Task instructions: In duplicating the lines below, keep every word unchanged and drop the pictures.

START Data provided

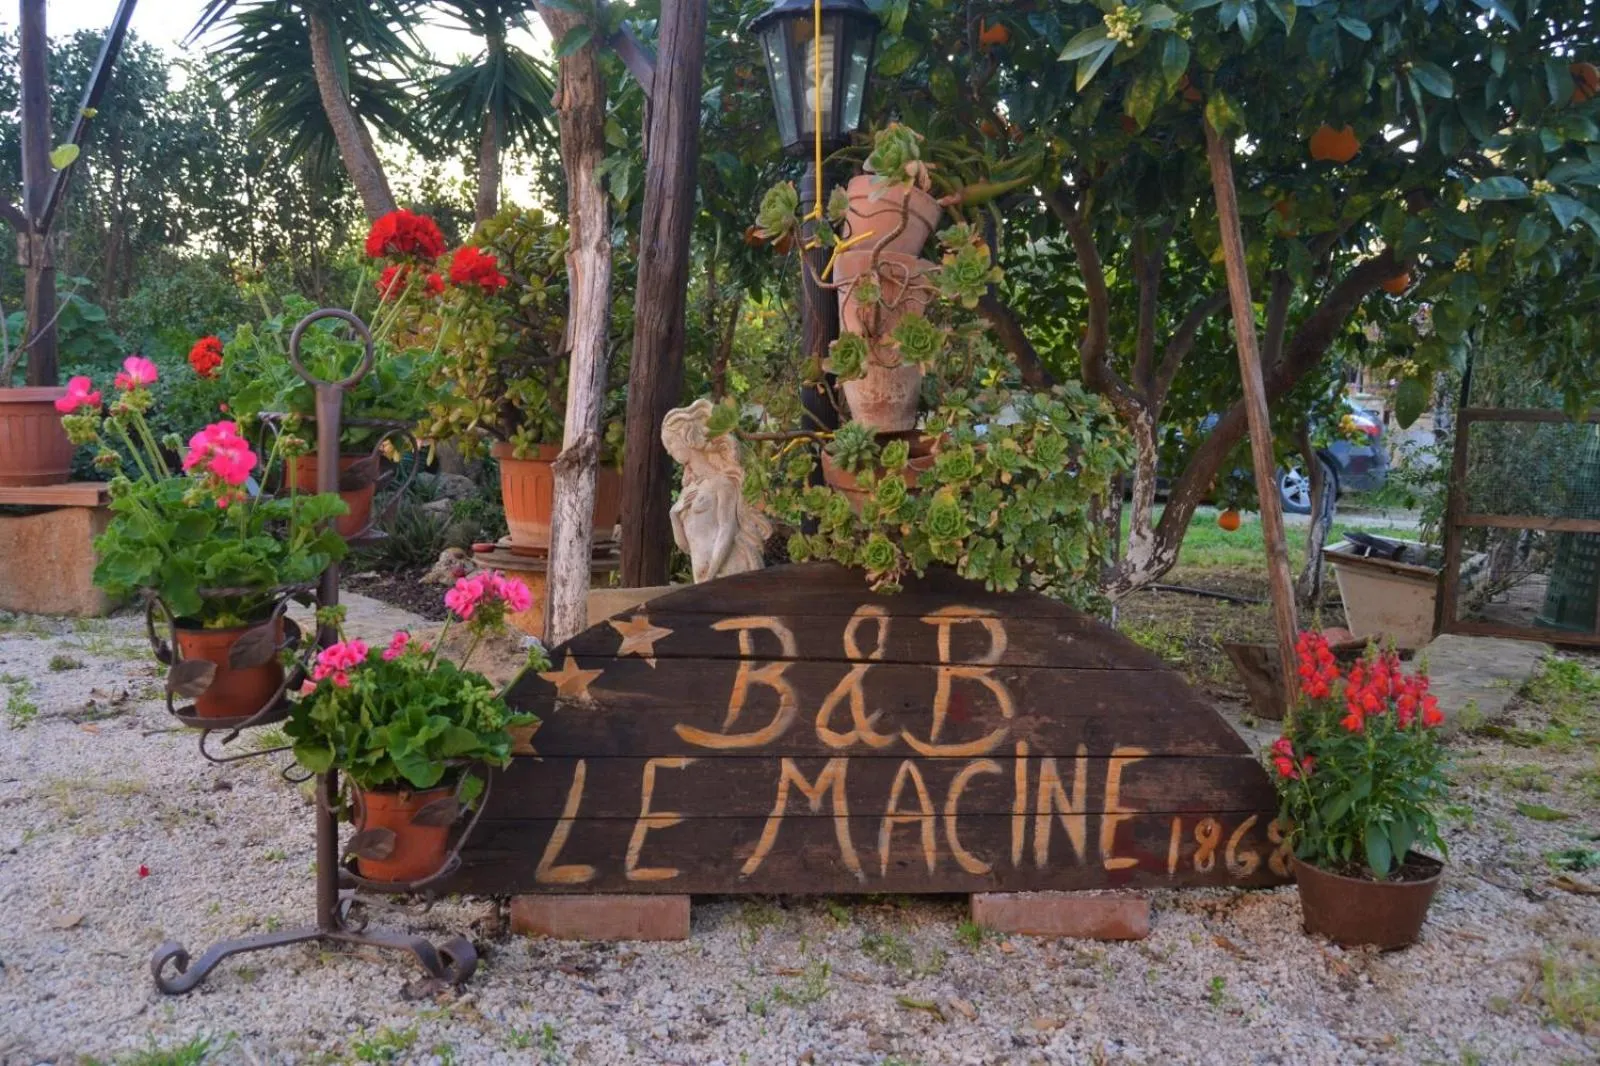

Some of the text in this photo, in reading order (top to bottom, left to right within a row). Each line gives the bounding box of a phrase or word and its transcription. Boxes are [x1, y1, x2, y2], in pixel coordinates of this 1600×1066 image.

[673, 604, 1016, 759] B&B
[535, 757, 698, 884] LE
[738, 740, 1150, 884] MACINE
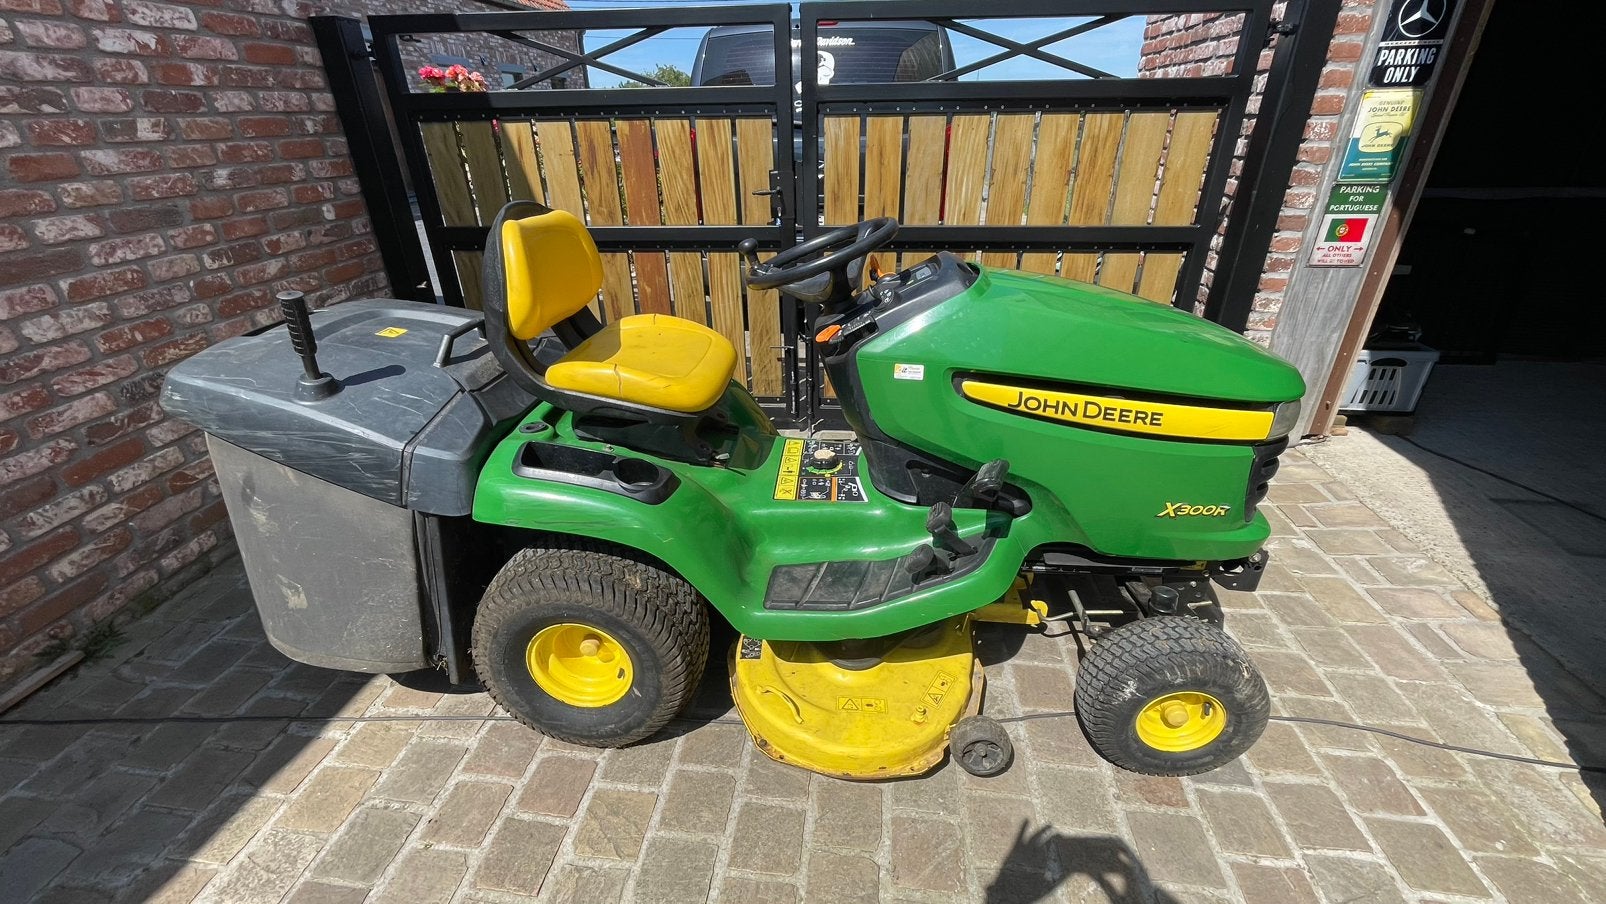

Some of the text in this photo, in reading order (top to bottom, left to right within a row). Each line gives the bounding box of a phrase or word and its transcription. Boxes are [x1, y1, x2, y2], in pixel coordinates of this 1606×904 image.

END Data provided

Written answer:
Some of the text in this photo, in reading order (top to bottom, left to right within a row). Each line gives the bounding box of a phrase or word and its transcription. Boxes are [x1, y1, x2, y2], in pixel coordinates of this 1600×1066 image.

[673, 604, 1016, 759] B&B
[535, 757, 698, 884] LE
[738, 740, 1150, 884] MACINE

Some of the text in this photo, in reading order (top to bottom, left to right within a row). Each line gives the bounding box of a phrase or word and its transcription. Boxes are [x1, y1, x2, y2], in pixel coordinates of this 1606×904 image.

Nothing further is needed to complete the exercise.